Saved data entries
= = =

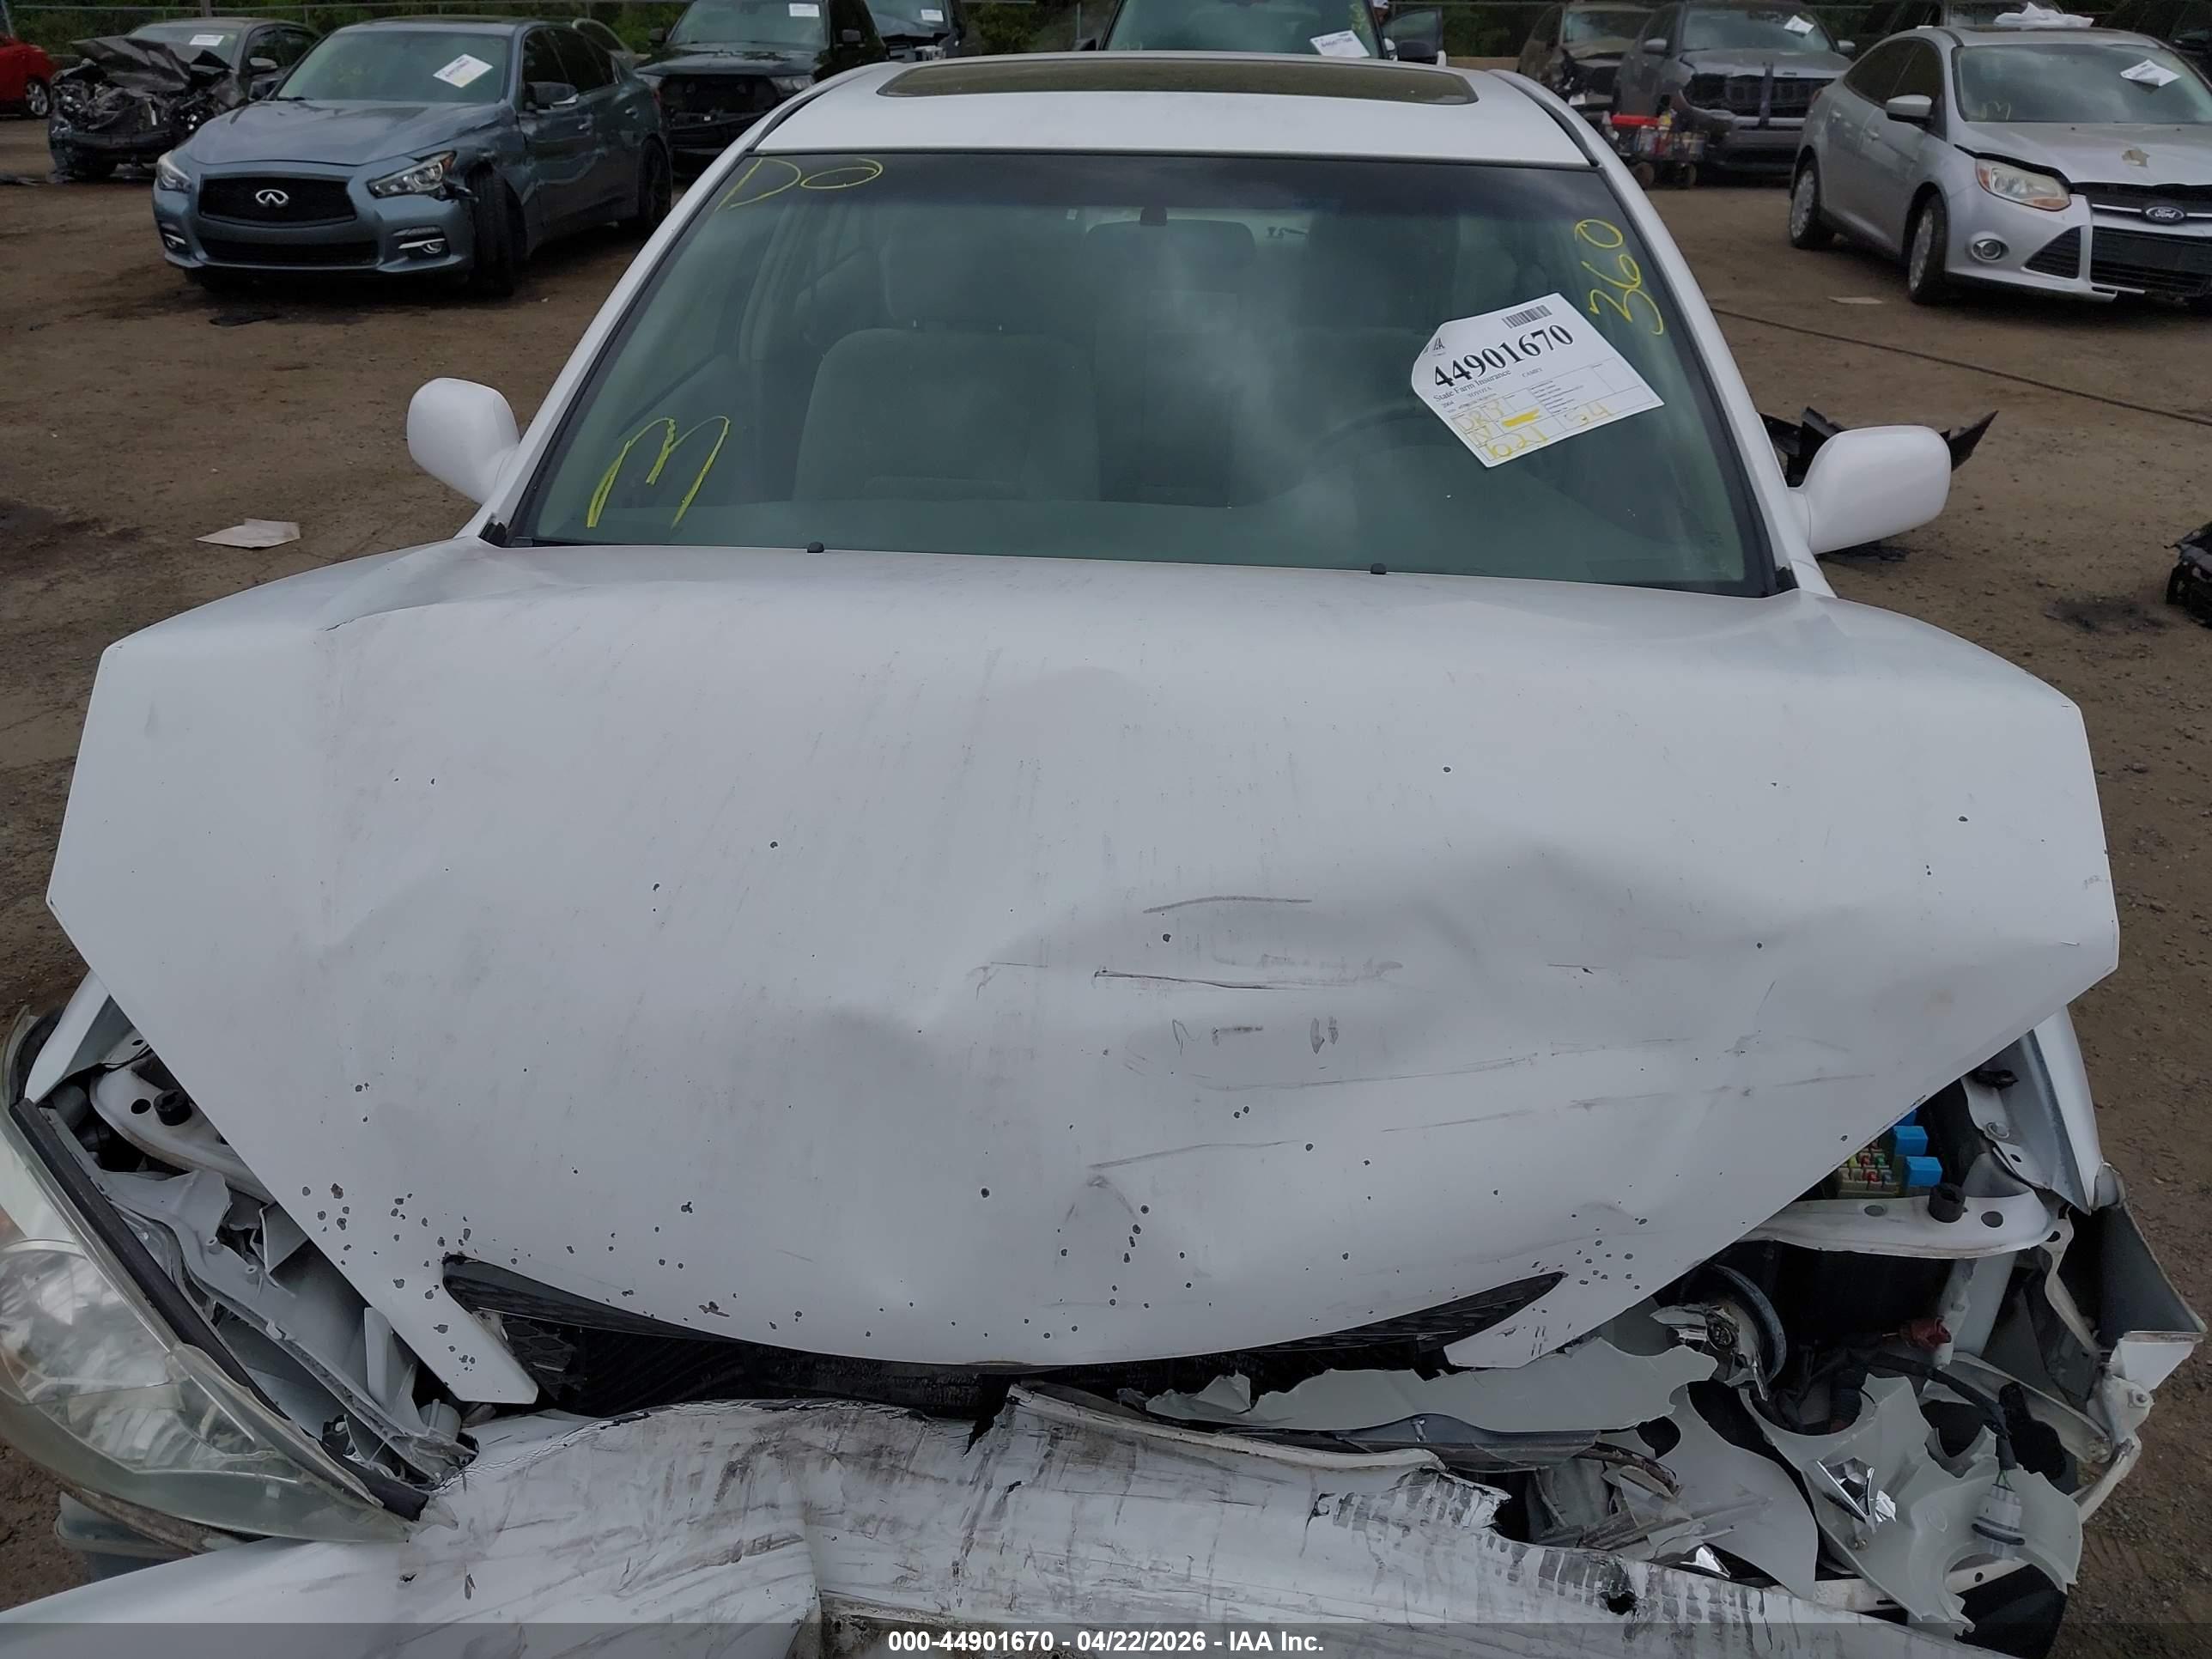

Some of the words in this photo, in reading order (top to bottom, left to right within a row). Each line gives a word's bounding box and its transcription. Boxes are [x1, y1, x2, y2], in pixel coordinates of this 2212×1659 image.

[1574, 218, 1664, 336] 360
[1433, 390, 1455, 403] State
[1454, 382, 1475, 395] Farm
[1474, 370, 1512, 388] Insurance
[1434, 325, 1574, 387] 44901670

= = =

A precise copy of each record, with the images removed, should be output.

Some of the words in this photo, in reading order (top to bottom, left to right within a row). Each line gives a word's bounding box and its transcription. Boxes are [x1, y1, x2, y2], in pixel coordinates of this 2212×1659 image.

[1574, 218, 1664, 336] 360
[1433, 390, 1455, 403] State
[1454, 382, 1475, 395] Farm
[1474, 370, 1512, 388] Insurance
[1434, 325, 1574, 387] 44901670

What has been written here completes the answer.